------ Information

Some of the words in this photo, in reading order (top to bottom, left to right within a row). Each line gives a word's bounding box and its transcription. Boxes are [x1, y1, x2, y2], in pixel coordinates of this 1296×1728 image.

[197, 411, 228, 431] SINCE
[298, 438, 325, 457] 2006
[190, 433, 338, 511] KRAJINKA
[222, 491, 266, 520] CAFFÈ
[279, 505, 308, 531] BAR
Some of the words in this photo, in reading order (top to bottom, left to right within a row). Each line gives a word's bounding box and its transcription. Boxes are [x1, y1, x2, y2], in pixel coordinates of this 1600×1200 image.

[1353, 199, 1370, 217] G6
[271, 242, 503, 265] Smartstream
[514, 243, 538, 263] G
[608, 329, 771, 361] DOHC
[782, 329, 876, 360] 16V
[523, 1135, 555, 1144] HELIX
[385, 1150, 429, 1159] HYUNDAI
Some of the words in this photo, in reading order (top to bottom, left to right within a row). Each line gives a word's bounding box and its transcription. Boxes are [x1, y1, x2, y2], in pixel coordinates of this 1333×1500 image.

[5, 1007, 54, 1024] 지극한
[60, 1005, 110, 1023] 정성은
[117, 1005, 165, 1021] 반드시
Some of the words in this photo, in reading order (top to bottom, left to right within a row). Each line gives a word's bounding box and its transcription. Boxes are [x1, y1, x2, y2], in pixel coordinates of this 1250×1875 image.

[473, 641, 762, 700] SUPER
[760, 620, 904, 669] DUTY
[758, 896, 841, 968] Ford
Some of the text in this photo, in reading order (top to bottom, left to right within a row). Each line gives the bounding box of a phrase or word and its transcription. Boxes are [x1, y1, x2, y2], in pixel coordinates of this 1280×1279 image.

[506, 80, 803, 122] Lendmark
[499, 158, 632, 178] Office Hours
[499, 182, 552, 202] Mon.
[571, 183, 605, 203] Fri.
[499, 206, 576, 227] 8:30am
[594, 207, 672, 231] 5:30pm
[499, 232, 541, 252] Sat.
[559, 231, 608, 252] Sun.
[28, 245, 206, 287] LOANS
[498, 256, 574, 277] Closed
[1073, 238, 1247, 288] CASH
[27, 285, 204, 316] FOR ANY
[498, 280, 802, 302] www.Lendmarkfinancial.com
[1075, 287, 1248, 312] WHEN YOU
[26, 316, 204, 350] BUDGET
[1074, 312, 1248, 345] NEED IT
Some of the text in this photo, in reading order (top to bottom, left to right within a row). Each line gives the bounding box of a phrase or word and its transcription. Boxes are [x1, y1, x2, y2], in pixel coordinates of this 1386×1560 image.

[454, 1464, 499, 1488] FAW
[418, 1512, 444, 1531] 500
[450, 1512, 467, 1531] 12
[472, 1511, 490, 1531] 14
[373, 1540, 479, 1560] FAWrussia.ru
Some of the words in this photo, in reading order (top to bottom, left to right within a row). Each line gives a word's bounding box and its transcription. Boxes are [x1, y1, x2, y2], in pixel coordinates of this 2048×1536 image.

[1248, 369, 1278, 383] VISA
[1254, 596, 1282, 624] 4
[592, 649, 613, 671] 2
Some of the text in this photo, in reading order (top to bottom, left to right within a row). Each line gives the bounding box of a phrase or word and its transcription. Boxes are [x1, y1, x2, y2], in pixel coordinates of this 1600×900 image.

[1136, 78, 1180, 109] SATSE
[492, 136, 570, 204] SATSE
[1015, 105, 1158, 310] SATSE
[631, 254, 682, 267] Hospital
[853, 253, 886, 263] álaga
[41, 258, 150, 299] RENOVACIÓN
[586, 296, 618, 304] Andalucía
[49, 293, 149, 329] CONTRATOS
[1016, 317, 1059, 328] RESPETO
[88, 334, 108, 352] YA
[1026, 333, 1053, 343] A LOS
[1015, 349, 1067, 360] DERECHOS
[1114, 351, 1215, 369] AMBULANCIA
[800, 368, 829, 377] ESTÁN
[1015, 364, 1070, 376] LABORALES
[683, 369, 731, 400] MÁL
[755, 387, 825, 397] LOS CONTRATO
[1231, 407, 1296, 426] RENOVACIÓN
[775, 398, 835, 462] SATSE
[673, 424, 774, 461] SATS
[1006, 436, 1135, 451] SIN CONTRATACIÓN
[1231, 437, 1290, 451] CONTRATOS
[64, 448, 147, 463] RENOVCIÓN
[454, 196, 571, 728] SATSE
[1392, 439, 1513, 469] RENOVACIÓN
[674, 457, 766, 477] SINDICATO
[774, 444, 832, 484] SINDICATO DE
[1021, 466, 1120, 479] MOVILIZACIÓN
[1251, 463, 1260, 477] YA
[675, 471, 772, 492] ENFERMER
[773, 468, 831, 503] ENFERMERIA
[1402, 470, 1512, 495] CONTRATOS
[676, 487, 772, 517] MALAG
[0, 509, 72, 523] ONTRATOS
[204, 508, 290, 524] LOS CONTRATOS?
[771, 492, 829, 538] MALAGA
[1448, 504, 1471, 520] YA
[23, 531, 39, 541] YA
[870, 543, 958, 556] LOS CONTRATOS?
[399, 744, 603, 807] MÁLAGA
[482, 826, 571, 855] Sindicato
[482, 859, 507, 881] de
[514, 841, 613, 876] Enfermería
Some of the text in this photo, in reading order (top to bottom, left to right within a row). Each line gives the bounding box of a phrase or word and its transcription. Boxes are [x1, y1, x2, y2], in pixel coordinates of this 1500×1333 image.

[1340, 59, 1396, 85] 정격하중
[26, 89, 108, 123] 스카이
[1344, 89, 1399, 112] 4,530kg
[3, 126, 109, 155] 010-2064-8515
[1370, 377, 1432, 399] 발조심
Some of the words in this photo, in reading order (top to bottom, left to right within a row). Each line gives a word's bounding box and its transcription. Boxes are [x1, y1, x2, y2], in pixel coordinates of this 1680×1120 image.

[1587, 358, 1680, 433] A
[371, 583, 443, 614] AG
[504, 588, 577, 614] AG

------------

- **Problem to work on**:
Print out each record above exactly, with nothing omitted.

- **Exercise solution**:
Some of the words in this photo, in reading order (top to bottom, left to right within a row). Each line gives a word's bounding box and its transcription. Boxes are [x1, y1, x2, y2], in pixel coordinates of this 1296×1728 image.

[197, 411, 228, 431] SINCE
[298, 438, 325, 457] 2006
[190, 433, 338, 511] KRAJINKA
[222, 491, 266, 520] CAFFÈ
[279, 505, 308, 531] BAR
Some of the words in this photo, in reading order (top to bottom, left to right within a row). Each line gives a word's bounding box and its transcription. Boxes are [x1, y1, x2, y2], in pixel coordinates of this 1600×1200 image.

[1353, 199, 1370, 217] G6
[271, 242, 503, 265] Smartstream
[514, 243, 538, 263] G
[608, 329, 771, 361] DOHC
[782, 329, 876, 360] 16V
[523, 1135, 555, 1144] HELIX
[385, 1150, 429, 1159] HYUNDAI
Some of the words in this photo, in reading order (top to bottom, left to right within a row). Each line gives a word's bounding box and its transcription. Boxes are [x1, y1, x2, y2], in pixel coordinates of this 1333×1500 image.

[5, 1007, 54, 1024] 지극한
[60, 1005, 110, 1023] 정성은
[117, 1005, 165, 1021] 반드시
Some of the words in this photo, in reading order (top to bottom, left to right within a row). Each line gives a word's bounding box and its transcription. Boxes are [x1, y1, x2, y2], in pixel coordinates of this 1250×1875 image.

[473, 641, 762, 700] SUPER
[760, 620, 904, 669] DUTY
[758, 896, 841, 968] Ford
Some of the text in this photo, in reading order (top to bottom, left to right within a row). Each line gives the bounding box of a phrase or word and its transcription. Boxes are [x1, y1, x2, y2], in pixel coordinates of this 1280×1279 image.

[506, 80, 803, 122] Lendmark
[499, 158, 632, 178] Office Hours
[499, 182, 552, 202] Mon.
[571, 183, 605, 203] Fri.
[499, 206, 576, 227] 8:30am
[594, 207, 672, 231] 5:30pm
[499, 232, 541, 252] Sat.
[559, 231, 608, 252] Sun.
[28, 245, 206, 287] LOANS
[498, 256, 574, 277] Closed
[1073, 238, 1247, 288] CASH
[27, 285, 204, 316] FOR ANY
[498, 280, 802, 302] www.Lendmarkfinancial.com
[1075, 287, 1248, 312] WHEN YOU
[26, 316, 204, 350] BUDGET
[1074, 312, 1248, 345] NEED IT
Some of the text in this photo, in reading order (top to bottom, left to right within a row). Each line gives the bounding box of a phrase or word and its transcription. Boxes are [x1, y1, x2, y2], in pixel coordinates of this 1386×1560 image.

[454, 1464, 499, 1488] FAW
[418, 1512, 444, 1531] 500
[450, 1512, 467, 1531] 12
[472, 1511, 490, 1531] 14
[373, 1540, 479, 1560] FAWrussia.ru
Some of the words in this photo, in reading order (top to bottom, left to right within a row). Each line gives a word's bounding box and its transcription. Boxes are [x1, y1, x2, y2], in pixel coordinates of this 2048×1536 image.

[1248, 369, 1278, 383] VISA
[1254, 596, 1282, 624] 4
[592, 649, 613, 671] 2
Some of the text in this photo, in reading order (top to bottom, left to right within a row). Each line gives the bounding box of a phrase or word and its transcription. Boxes are [x1, y1, x2, y2], in pixel coordinates of this 1600×900 image.

[1136, 78, 1180, 109] SATSE
[492, 136, 570, 204] SATSE
[1015, 105, 1158, 310] SATSE
[631, 254, 682, 267] Hospital
[853, 253, 886, 263] álaga
[41, 258, 150, 299] RENOVACIÓN
[586, 296, 618, 304] Andalucía
[49, 293, 149, 329] CONTRATOS
[1016, 317, 1059, 328] RESPETO
[88, 334, 108, 352] YA
[1026, 333, 1053, 343] A LOS
[1015, 349, 1067, 360] DERECHOS
[1114, 351, 1215, 369] AMBULANCIA
[800, 368, 829, 377] ESTÁN
[1015, 364, 1070, 376] LABORALES
[683, 369, 731, 400] MÁL
[755, 387, 825, 397] LOS CONTRATO
[1231, 407, 1296, 426] RENOVACIÓN
[775, 398, 835, 462] SATSE
[673, 424, 774, 461] SATS
[1006, 436, 1135, 451] SIN CONTRATACIÓN
[1231, 437, 1290, 451] CONTRATOS
[64, 448, 147, 463] RENOVCIÓN
[454, 196, 571, 728] SATSE
[1392, 439, 1513, 469] RENOVACIÓN
[674, 457, 766, 477] SINDICATO
[774, 444, 832, 484] SINDICATO DE
[1021, 466, 1120, 479] MOVILIZACIÓN
[1251, 463, 1260, 477] YA
[675, 471, 772, 492] ENFERMER
[773, 468, 831, 503] ENFERMERIA
[1402, 470, 1512, 495] CONTRATOS
[676, 487, 772, 517] MALAG
[0, 509, 72, 523] ONTRATOS
[204, 508, 290, 524] LOS CONTRATOS?
[771, 492, 829, 538] MALAGA
[1448, 504, 1471, 520] YA
[23, 531, 39, 541] YA
[870, 543, 958, 556] LOS CONTRATOS?
[399, 744, 603, 807] MÁLAGA
[482, 826, 571, 855] Sindicato
[482, 859, 507, 881] de
[514, 841, 613, 876] Enfermería
Some of the text in this photo, in reading order (top to bottom, left to right within a row). Each line gives the bounding box of a phrase or word and its transcription. Boxes are [x1, y1, x2, y2], in pixel coordinates of this 1500×1333 image.

[1340, 59, 1396, 85] 정격하중
[26, 89, 108, 123] 스카이
[1344, 89, 1399, 112] 4,530kg
[3, 126, 109, 155] 010-2064-8515
[1370, 377, 1432, 399] 발조심
Some of the words in this photo, in reading order (top to bottom, left to right within a row). Each line gives a word's bounding box and its transcription. Boxes are [x1, y1, x2, y2], in pixel coordinates of this 1680×1120 image.

[1587, 358, 1680, 433] A
[371, 583, 443, 614] AG
[504, 588, 577, 614] AG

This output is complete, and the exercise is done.